President Jacob Zuma Visits Nelson Mandela Bay To Solve ANC Infighting
President, Jacob Zuma, as leader of the African National Congress (ANC), on Friday afternoon visited the Nelson Mandela Bay for a crucial party meeting at the Port Elizabeth City Hall.
The closed-door meeting was reportedly to be a follow up after he disbanded the ANC Nelson Mandela Bay Regional Executive Committee on 15 December last year.
Then, President Zuma, together with the ruling party’s National Executive Committee (NEC), met with the ANC’s Eastern Cape provincial, regional and branch leaders and decided to dissolve the regional committee following years of political infighting.
Some observers said the move to dissolve the regional executive committee indicated that the ANC was aware that it might lose control of the Nelson Mandela Bay Metropolitan Municipality to the opposition in the upcoming 2016 local government elections.
The main opposition party in the Bay, the Democratic Alliance (DA), has not hidden its intentions of wanting to take over the Nelson Mandela Bay in 2016, while Julius Malema’s Economic Freedom Fighters (EFF) and National Union of Metal Workers Union of South Africa (Numsa) are yet to establish a United Front (UF), which would also pose a threat to the ANC Nelson Mandela Bay region.
The Nelson Mandela Bay region is believed by some to be heartbeat of Numsa as the union has thousands of members at Volkswagen South Africa’s Uitenhage plant and at General Motors South Africa.
Although Numsa, which was expelled from Cosatu in part because it chose not to campaign for the ANC in last year’s national general elections, claims the UF is not a political organisation, commentators maintain that there are no guarantees it would not contest the 2016 local government elections.
In 2014, the ANC also suffered a lot of setbacks in the Bay.
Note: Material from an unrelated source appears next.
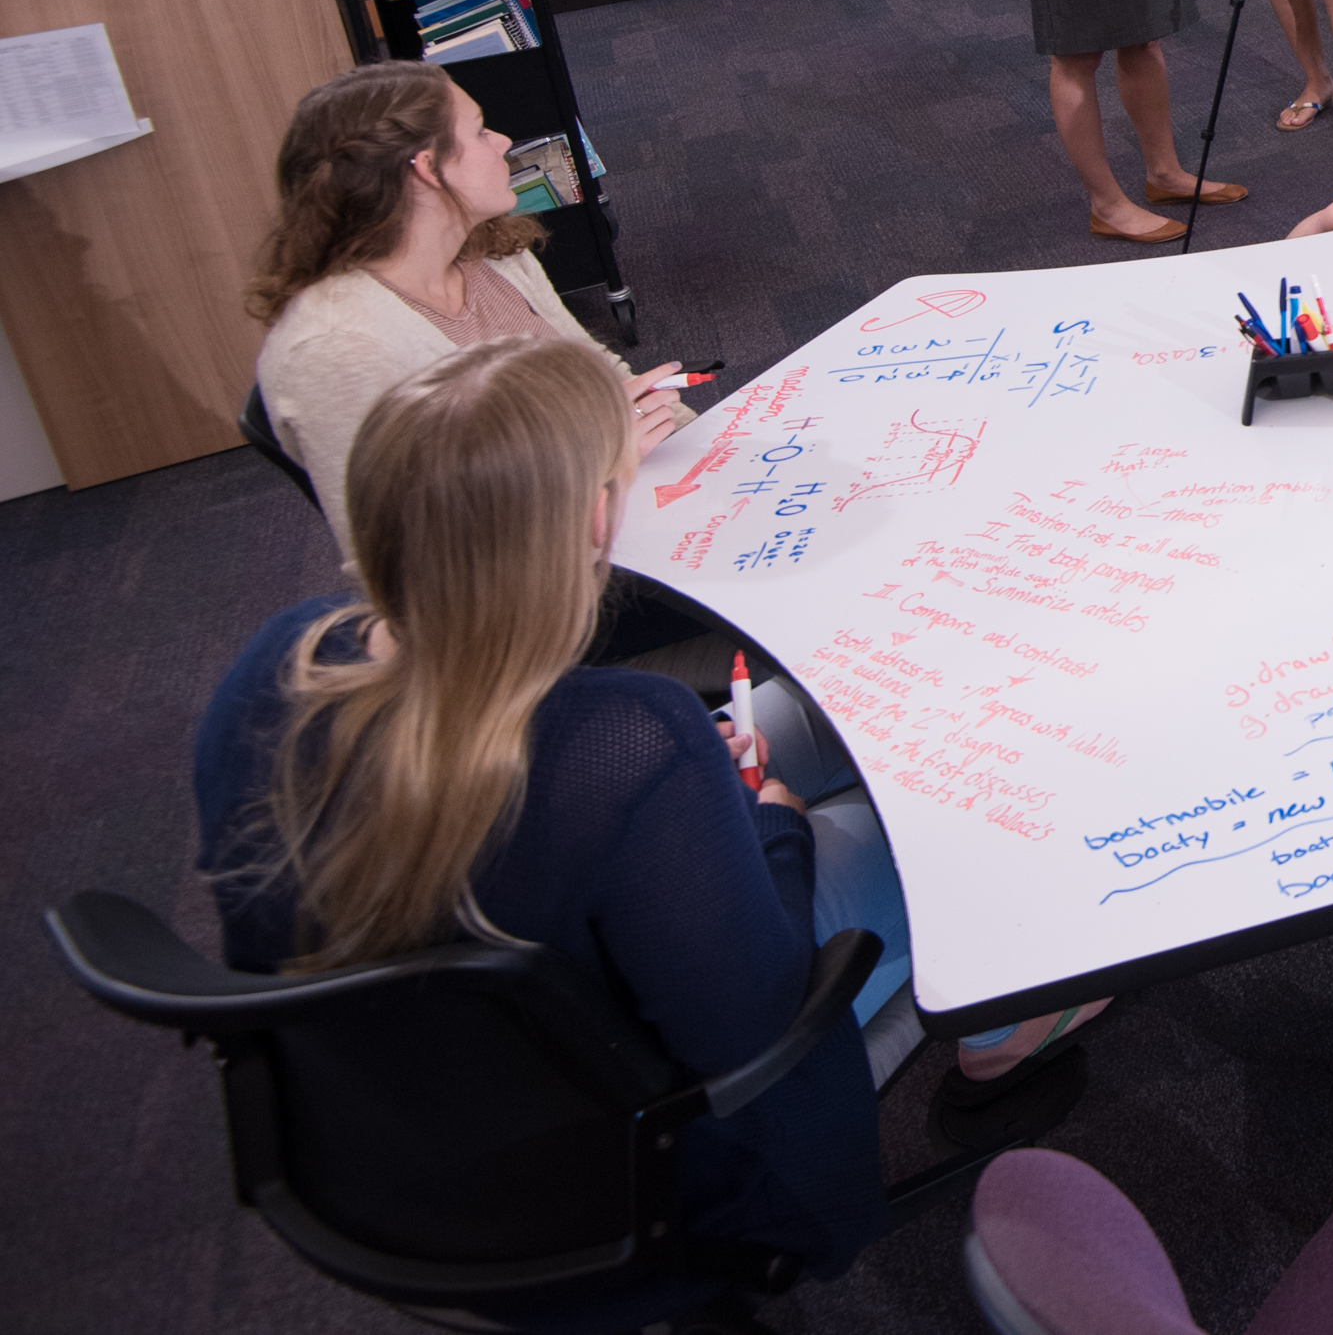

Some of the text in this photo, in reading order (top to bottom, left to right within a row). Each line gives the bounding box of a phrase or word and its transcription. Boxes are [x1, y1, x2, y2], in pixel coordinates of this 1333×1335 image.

[1085, 785, 1266, 851] boatmobile
[1113, 828, 1210, 868] boaty
[1267, 794, 1327, 826] new
Following the national general elections, the DA claimed that between 2006 and 2014, the ANC’s support in the Nelson Mandela Bay region dropped from 67% to 49%. During the same period, support for the DA climbed from 25% to 40%.
In November, the ANC was handed a humiliating loss by an independent candidate (formerly an ANC councillor) in a by-election in Uitenhage’s Ward 42. Andile Gqabi, a former Numsa leader who was expelled from the ANC in August, won more than 60% of the vote against the ANC’s 36%.
Photo caption: Fighting fires... President, Jacob Zuma, as leader of the African National Congress (ANC), on Friday afternoon visited the Nelson Mandela Bay for a crucial party meeting at the Port Elizabeth City Hall. Image ANC Free State.